## ACTION ITEM
Transcribe the listing precisely, entry by entry.
*** Opening TASK MATERIAL ***
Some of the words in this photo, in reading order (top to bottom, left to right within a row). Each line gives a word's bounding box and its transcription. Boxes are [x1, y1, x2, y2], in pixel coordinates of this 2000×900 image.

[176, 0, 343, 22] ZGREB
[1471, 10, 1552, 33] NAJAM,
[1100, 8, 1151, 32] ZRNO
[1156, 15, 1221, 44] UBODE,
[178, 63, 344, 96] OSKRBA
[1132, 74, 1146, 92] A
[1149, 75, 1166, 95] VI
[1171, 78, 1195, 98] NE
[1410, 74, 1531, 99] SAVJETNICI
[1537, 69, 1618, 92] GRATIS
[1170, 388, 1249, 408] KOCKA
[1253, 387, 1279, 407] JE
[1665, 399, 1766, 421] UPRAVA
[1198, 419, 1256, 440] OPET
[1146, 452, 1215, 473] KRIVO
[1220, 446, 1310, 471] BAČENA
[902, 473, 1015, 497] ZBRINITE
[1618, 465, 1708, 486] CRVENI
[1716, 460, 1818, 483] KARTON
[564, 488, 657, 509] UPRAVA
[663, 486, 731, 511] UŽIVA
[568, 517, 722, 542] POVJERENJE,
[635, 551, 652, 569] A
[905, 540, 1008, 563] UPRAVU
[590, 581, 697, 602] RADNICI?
*** Closing TASK MATERIAL ***
## WRITTEN SOLUTION
Some of the words in this photo, in reading order (top to bottom, left to right within a row). Each line gives a word's bounding box and its transcription. Boxes are [x1, y1, x2, y2], in pixel coordinates of this 2000×900 image.

[176, 0, 343, 22] ZGREB
[1471, 10, 1552, 33] NAJAM,
[1100, 8, 1151, 32] ZRNO
[1156, 15, 1221, 44] UBODE,
[178, 63, 344, 96] OSKRBA
[1132, 74, 1146, 92] A
[1149, 75, 1166, 95] VI
[1171, 78, 1195, 98] NE
[1410, 74, 1531, 99] SAVJETNICI
[1537, 69, 1618, 92] GRATIS
[1170, 388, 1249, 408] KOCKA
[1253, 387, 1279, 407] JE
[1665, 399, 1766, 421] UPRAVA
[1198, 419, 1256, 440] OPET
[1146, 452, 1215, 473] KRIVO
[1220, 446, 1310, 471] BAČENA
[902, 473, 1015, 497] ZBRINITE
[1618, 465, 1708, 486] CRVENI
[1716, 460, 1818, 483] KARTON
[564, 488, 657, 509] UPRAVA
[663, 486, 731, 511] UŽIVA
[568, 517, 722, 542] POVJERENJE,
[635, 551, 652, 569] A
[905, 540, 1008, 563] UPRAVU
[590, 581, 697, 602] RADNICI?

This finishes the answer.